» What you should do
Reproduce the records word for word, leaving out any pictures they hold.
Start of Input data
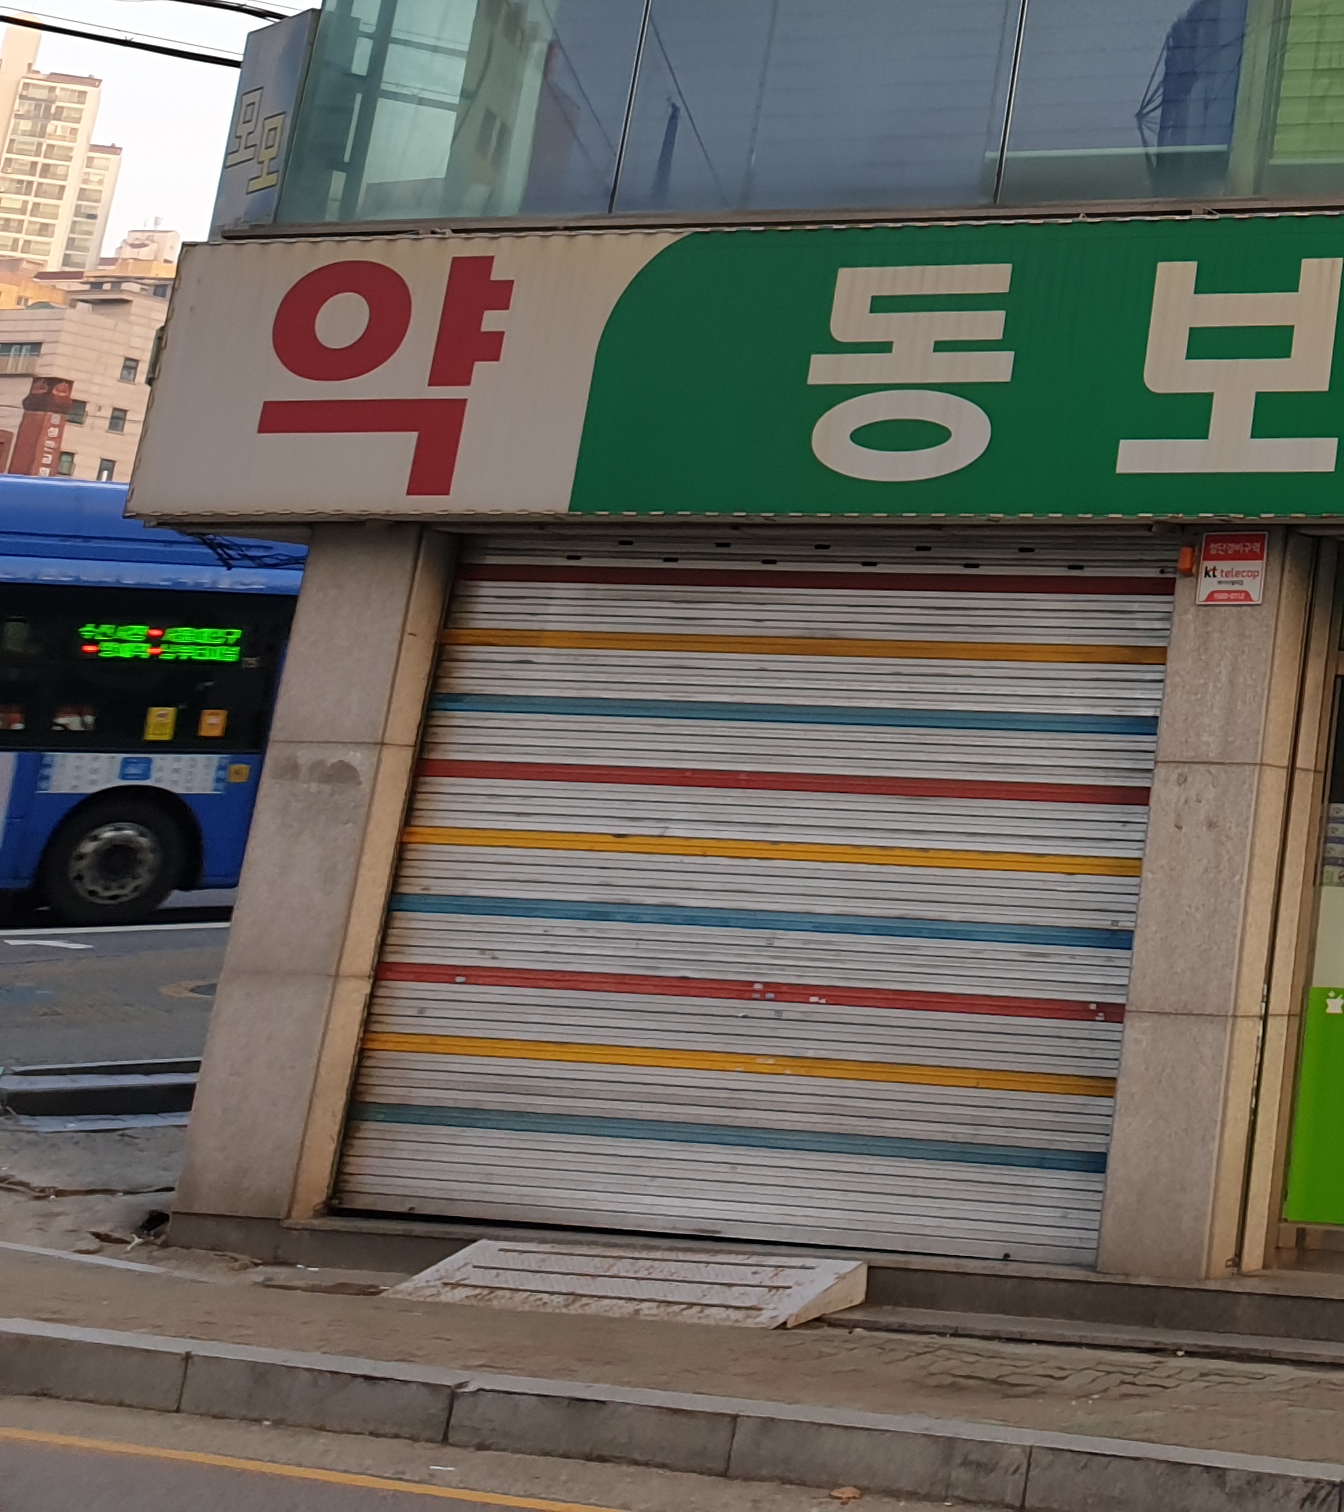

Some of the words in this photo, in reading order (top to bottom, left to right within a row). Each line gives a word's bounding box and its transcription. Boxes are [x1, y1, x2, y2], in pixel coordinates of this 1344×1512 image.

[256, 255, 516, 497] 약
[1204, 566, 1217, 578] kt
[1221, 568, 1260, 580] telecop
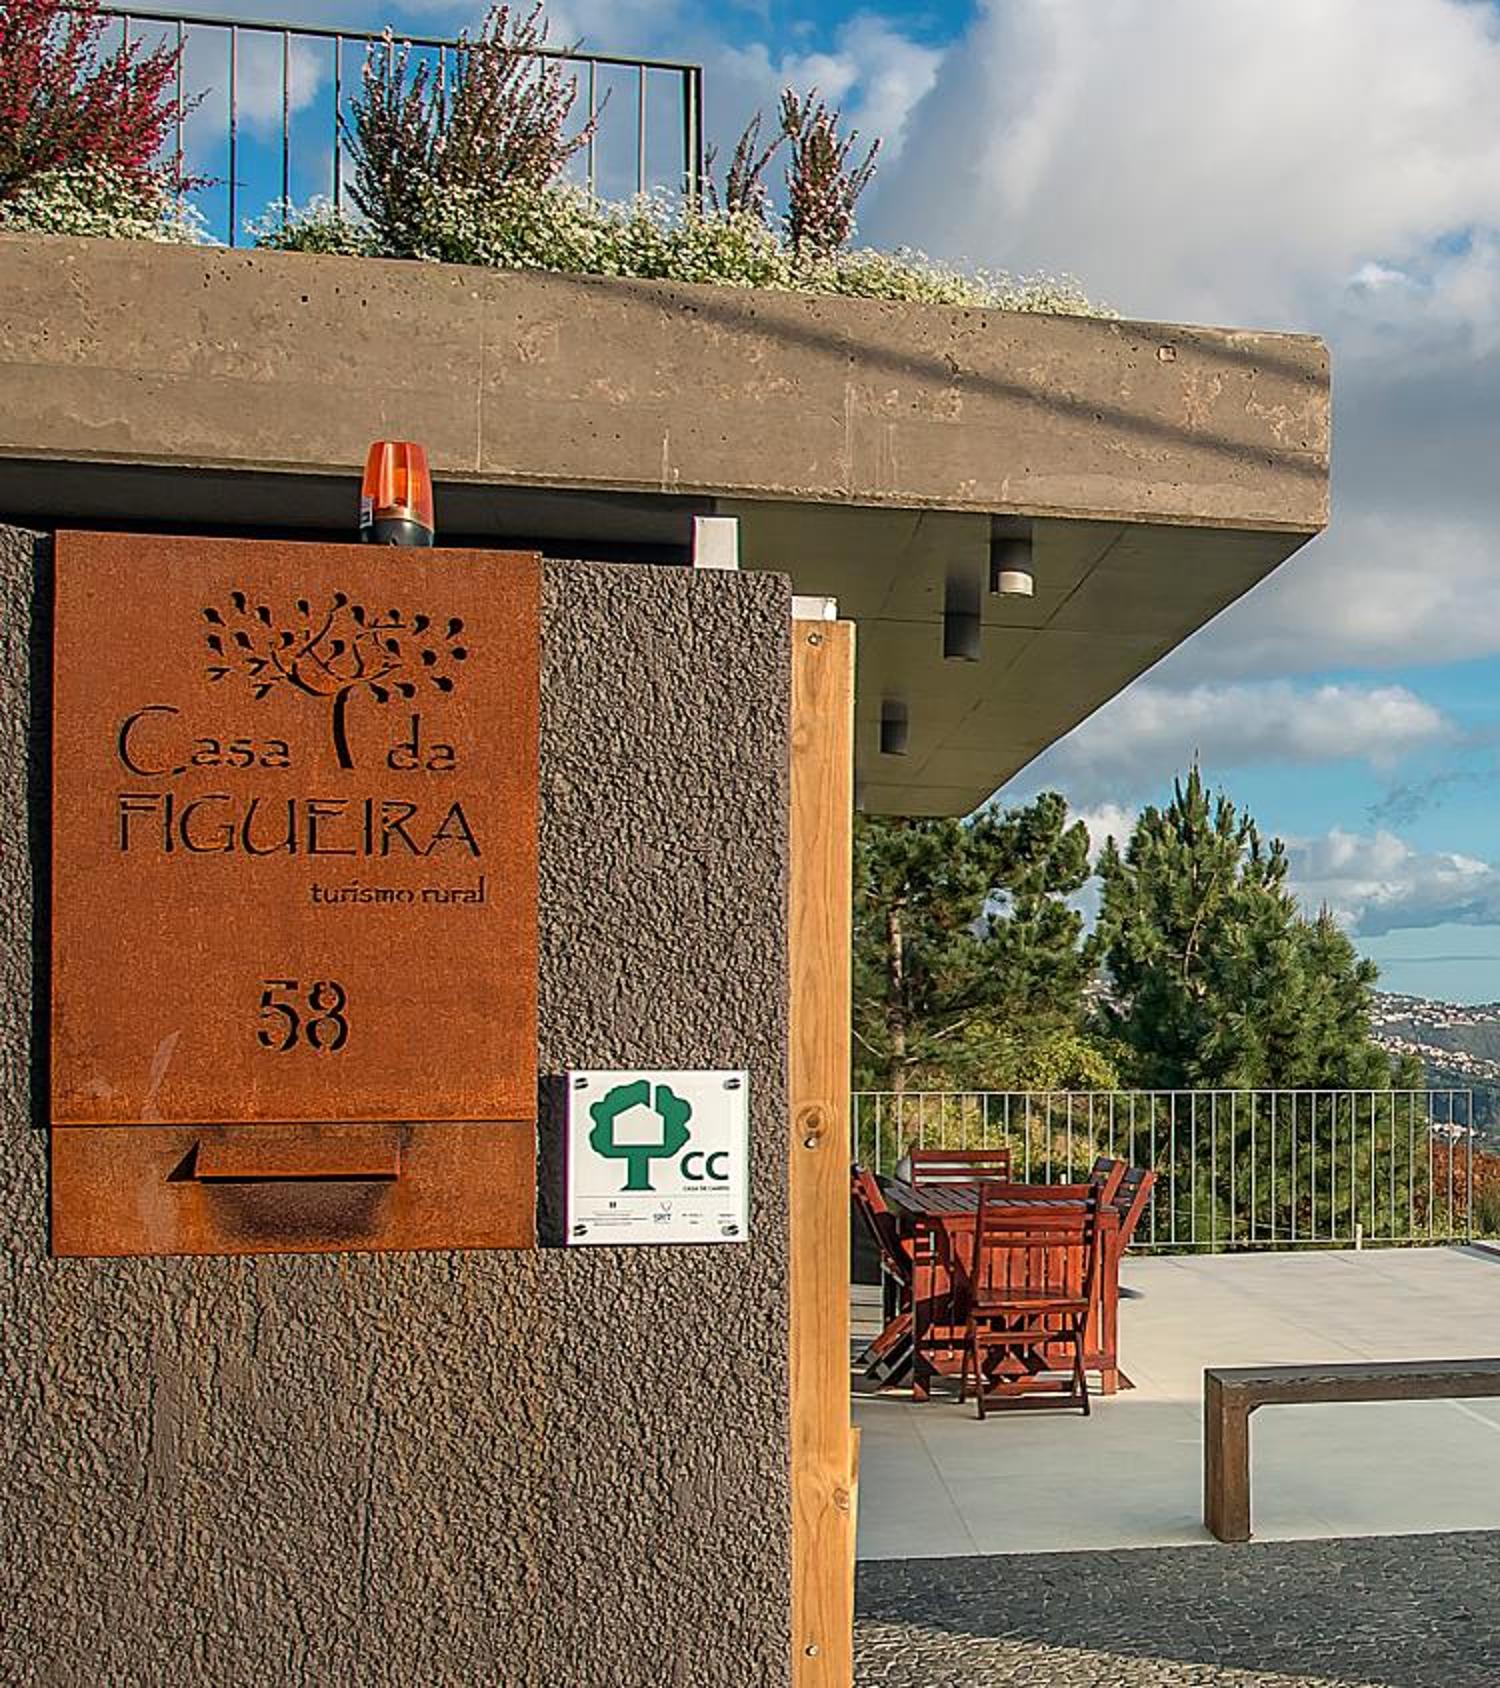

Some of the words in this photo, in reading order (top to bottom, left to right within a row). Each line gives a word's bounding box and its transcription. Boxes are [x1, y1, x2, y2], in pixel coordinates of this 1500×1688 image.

[118, 705, 290, 775] Casa
[388, 714, 456, 771] da
[118, 792, 481, 857] FIGUEIRA
[421, 875, 485, 904] rural
[257, 980, 348, 1051] 58
[680, 1151, 729, 1181] CC
End of Input data
» Exercise response
Some of the words in this photo, in reading order (top to bottom, left to right within a row). Each line gives a word's bounding box and its transcription. Boxes are [x1, y1, x2, y2], in pixel coordinates of this 1344×1512 image.

[256, 255, 516, 497] 약
[1204, 566, 1217, 578] kt
[1221, 568, 1260, 580] telecop

Some of the words in this photo, in reading order (top to bottom, left to right within a row). Each line gives a word's bounding box and its transcription. Boxes are [x1, y1, x2, y2], in pixel coordinates of this 1500×1688 image.

[118, 705, 290, 775] Casa
[388, 714, 456, 771] da
[118, 792, 481, 857] FIGUEIRA
[421, 875, 485, 904] rural
[257, 980, 348, 1051] 58
[680, 1151, 729, 1181] CC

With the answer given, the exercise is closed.